My completely naïve and hope-filled response to the above argument is:  “Well, actually, the DSM-5 (as with previous editions) is a tool intended to be used by professionals who are trained in mental health care, and who realize that, except in a relatively small number of very serious mental illnesses, pills are not going to function as the primary means of addressing those issues.  In the hands of these professionals, a diagnosis is more a means of trying to identify what is at the core of a person’s mental health needs, so there can be a common language to use when trying to figure out what kind of strategies might help the clients—only one of said strategies being the use of medications.”

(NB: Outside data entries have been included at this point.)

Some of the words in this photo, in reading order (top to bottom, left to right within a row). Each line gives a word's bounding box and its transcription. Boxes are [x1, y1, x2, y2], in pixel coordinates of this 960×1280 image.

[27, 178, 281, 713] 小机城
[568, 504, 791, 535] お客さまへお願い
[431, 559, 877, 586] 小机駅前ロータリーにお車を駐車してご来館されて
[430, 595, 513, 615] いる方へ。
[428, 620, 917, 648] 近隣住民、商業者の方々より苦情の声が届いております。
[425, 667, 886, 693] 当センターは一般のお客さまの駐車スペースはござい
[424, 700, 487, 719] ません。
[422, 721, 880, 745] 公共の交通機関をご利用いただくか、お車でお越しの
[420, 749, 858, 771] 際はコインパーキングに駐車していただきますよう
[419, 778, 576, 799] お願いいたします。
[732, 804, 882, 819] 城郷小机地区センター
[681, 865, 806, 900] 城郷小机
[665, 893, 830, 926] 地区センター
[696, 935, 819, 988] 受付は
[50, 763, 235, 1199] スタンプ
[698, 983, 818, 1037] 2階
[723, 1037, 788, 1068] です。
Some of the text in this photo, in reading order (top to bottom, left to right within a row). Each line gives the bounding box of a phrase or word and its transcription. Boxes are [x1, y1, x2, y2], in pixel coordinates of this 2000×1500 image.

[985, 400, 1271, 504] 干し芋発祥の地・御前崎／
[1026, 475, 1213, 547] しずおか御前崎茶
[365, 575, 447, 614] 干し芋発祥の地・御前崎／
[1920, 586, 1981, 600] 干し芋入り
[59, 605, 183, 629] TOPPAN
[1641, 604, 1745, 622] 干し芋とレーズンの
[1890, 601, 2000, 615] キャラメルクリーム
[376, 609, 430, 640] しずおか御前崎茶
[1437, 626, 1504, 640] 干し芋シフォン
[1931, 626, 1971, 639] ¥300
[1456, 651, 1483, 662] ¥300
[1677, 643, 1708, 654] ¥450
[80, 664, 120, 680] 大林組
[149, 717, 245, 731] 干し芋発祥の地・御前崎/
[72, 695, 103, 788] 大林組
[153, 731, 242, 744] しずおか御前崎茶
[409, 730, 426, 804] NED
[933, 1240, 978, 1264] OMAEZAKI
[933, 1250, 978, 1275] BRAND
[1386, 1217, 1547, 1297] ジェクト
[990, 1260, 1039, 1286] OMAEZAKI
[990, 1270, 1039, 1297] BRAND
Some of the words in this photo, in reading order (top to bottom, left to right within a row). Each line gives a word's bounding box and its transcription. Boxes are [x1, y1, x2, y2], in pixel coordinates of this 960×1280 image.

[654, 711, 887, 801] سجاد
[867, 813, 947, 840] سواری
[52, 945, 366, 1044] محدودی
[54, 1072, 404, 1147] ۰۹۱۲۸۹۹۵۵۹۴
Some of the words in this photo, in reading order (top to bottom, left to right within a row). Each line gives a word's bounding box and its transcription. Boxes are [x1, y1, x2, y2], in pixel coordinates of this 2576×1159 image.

But let’s be clear about a few things.  First, the majority of people working in the mental health field are NOT trained, qualified, or legally allowed to prescribe medications.  They fall into various categories of counselors, therapists, treatment providers, and social workers.  They are the ones who try to address mental health issues not with a pill, but through a complicated process of human interaction (ridiculous, I know, but I read somewhere that it can actually work).  Secondly, and perhaps more important to the current criticism of pharmaceuticals/pharmaceutical companies, the vast majority of people prescribing medications for mental health reasons are NOT adequately trained in mental health.  Arguably, most uses of medications to deal with mental health issues already involve a kind of crapshoot as to whether the medications will be effective, in what doses, and for how long.  And yet we compound this uncertainty by having primary care physicians, who, for example, see patients for eight minutes every three months, try to keep up with changes in patients’ mental health status by ‘tweaking’ said patients’ medications.

To be sure, DSM-5 is flawed, just as DSM-IV (that’s 4, not intravenous) is flawed, although perhaps in different directions.  I am not suggesting everyone in the mental health field fall in lockstep and adhere blindly to whatever is laid out in DSM-5.  But like every professional in every field knows (or should know), you use the tools you have, but with a critical eye, and a knowledge of the tools’ limitations.